For Euro 2012 qualification, Slovakia was drawn against Russia, the Republic of Ireland, Armenia, Macedonia and Andorra. The good campaign in South Africa boosted team performance ahead of the qualifiers, which started in September with two 1–0 wins against Macedonia in Stadion Pasienky and Russia away. In October, however, they were easily beaten in Armenia (3–1) and drew 1–1 against the Republic of Ireland at home. In February 2011, the team was stunned in a 2–1 friendly defeat against Luxembourg and could only beat group minnows Andorra by one goal. Despite creating better chances, Slovakia earned a goalless draw with Ireland away. Four days later, after creating chances in a goalless first half, Slovakia conceded four goals to Armenia in a match that eliminated the team. In the final two group matches, Slovakia was beaten at home by Russia (1–0) and drew 1–1 in Macedonia, finishing in a mediocre fourth-place position and scoring only seven goals in the entire process. Also, for the first time since the Euro 1996 qualifying process, Slovakia finished a qualifying campaign with a negative goal differential. As a result of this outcome, coach Vladimír Weiss left his job after four full years, being replaced by his assistants Michal Hipp and Stanislav Griga, although both themselves were later replaced due to poor results. By late June, former Czechoslovakia national team footballer Ján Kozák became the head coach and followed-up the unsuccessful qualification campaign with a victory in Bosnia and Herzegovina following by two defeats to Bosnia and Greece.
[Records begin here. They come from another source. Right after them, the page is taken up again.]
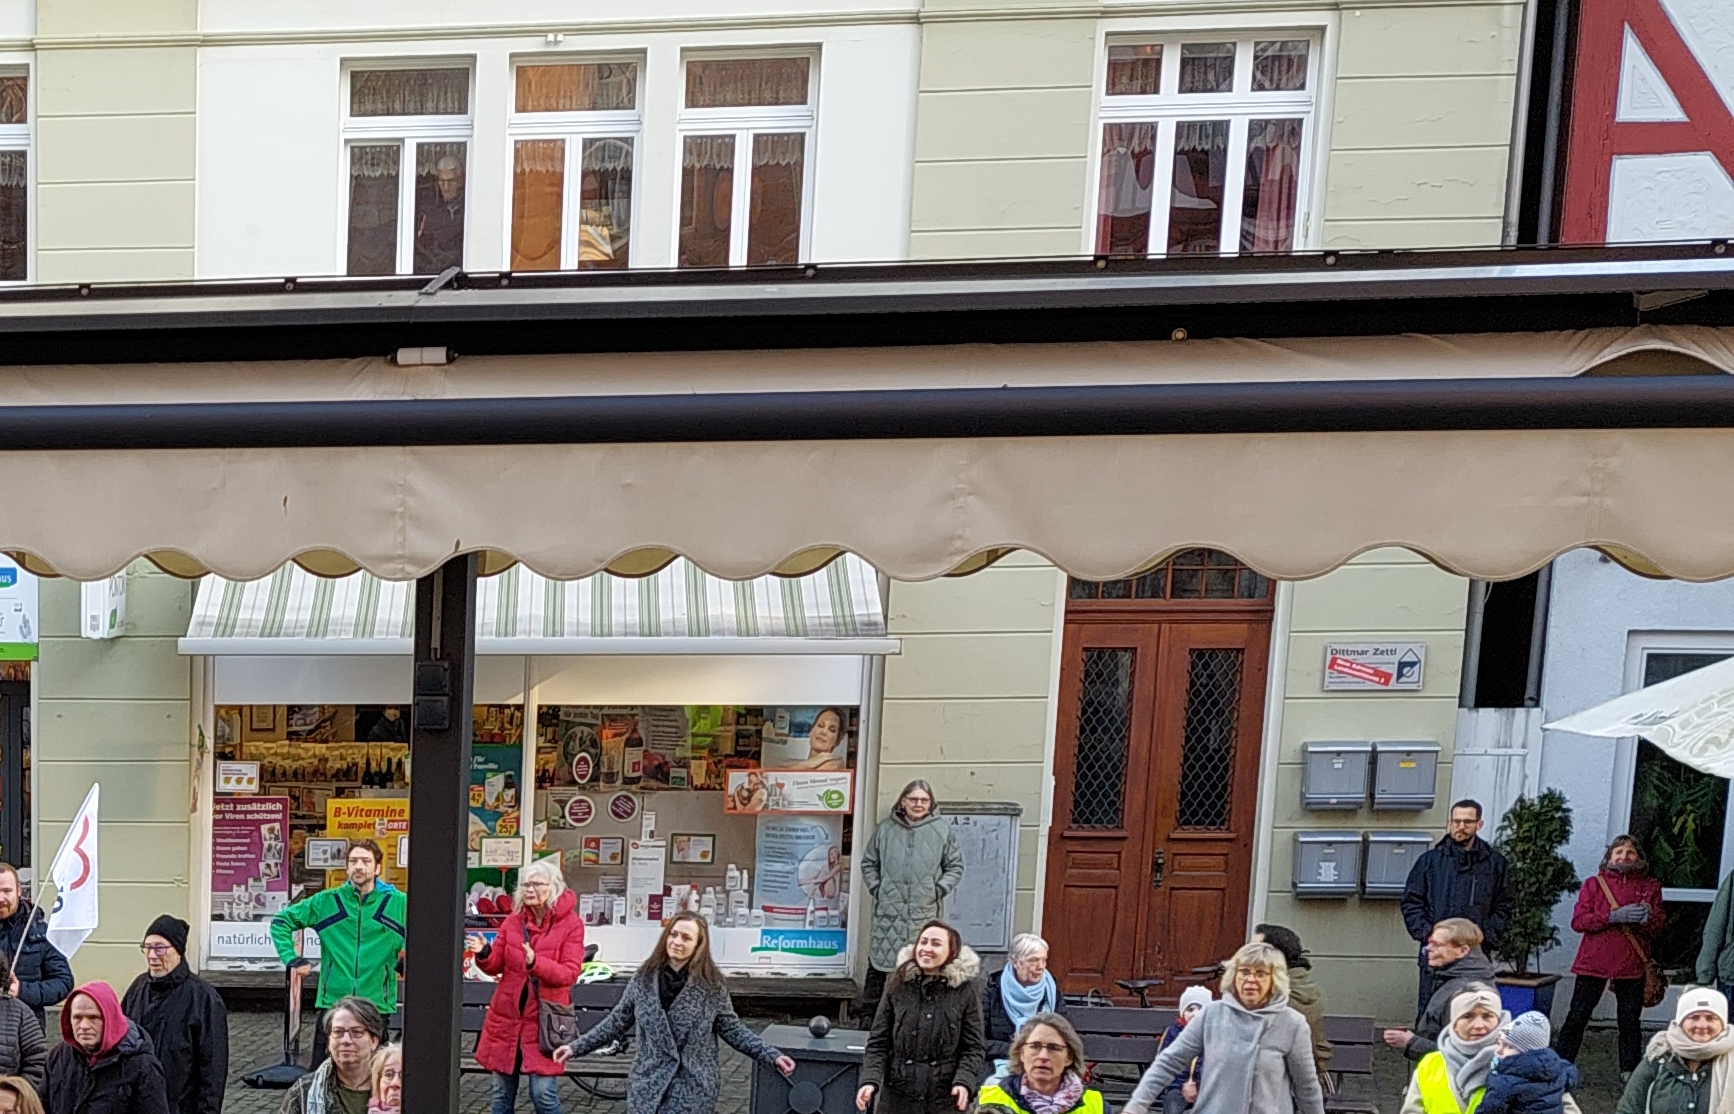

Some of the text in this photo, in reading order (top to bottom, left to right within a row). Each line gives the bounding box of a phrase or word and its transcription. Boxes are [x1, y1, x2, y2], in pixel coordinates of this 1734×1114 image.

[1330, 647, 1370, 656] Dittmar
[236, 802, 283, 811] zusätzlich
[333, 805, 406, 818] B-Vitamine
[225, 812, 245, 820] Viren
[246, 812, 283, 820] schützen!
[337, 820, 376, 831] komplet
[386, 820, 408, 830] ORTE
[217, 933, 271, 946] natürlich
[762, 935, 839, 953] Reformhaus
For Euro 2016 qualification, Slovakia was drawn against Spain, Ukraine, Belarus, Macedonia and Luxembourg. Slovakia began the qualifying campaign with a 1–0 victory against Ukraine in Kiev. On 9 October 2014, Slovakia beat Spain 2–1 in a shock victory and claimed the first place. Slovakia's 3–1 victory over Belarus confirmed their status as group leaders. Later on, they won 2–0 against Macedonia in the Philip II Arena, beat Luxembourg with a score of 3–0 in Žilina, and beat Macedonia 2–1 on 14 June 2015, also in Žilina. The next matches were a 2-0 defeat against Spain, a goalless draw against Ukraine and a shocking 0–1 home defeat against Belarus. The team finished qualification by defeating Luxembourg 4–2 and got the second place, qualifying to their first European Championship.
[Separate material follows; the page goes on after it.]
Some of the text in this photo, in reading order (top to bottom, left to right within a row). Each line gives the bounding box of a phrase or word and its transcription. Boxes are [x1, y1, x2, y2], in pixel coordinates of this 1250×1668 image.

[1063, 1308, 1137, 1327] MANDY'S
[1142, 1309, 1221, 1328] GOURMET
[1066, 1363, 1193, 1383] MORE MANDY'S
Slovakia was drawn in Group B of Euro 2016 alongside England, Russia and Wales. Slovakia began their tournament against Wales where Ondrej Duda scored Slovakia's first goal in the history of the European Championship in an eventual 2–1 defeat. Slovakia then defeated Russia 2–1 with goals from Vladimír Weiss III and Marek Hamšík, then drew 0–0 against England to advance to the round of 16 as one of the tournament's best third-placed teams. They were eliminated at this stage by world champions Germany with a 3–0 defeat.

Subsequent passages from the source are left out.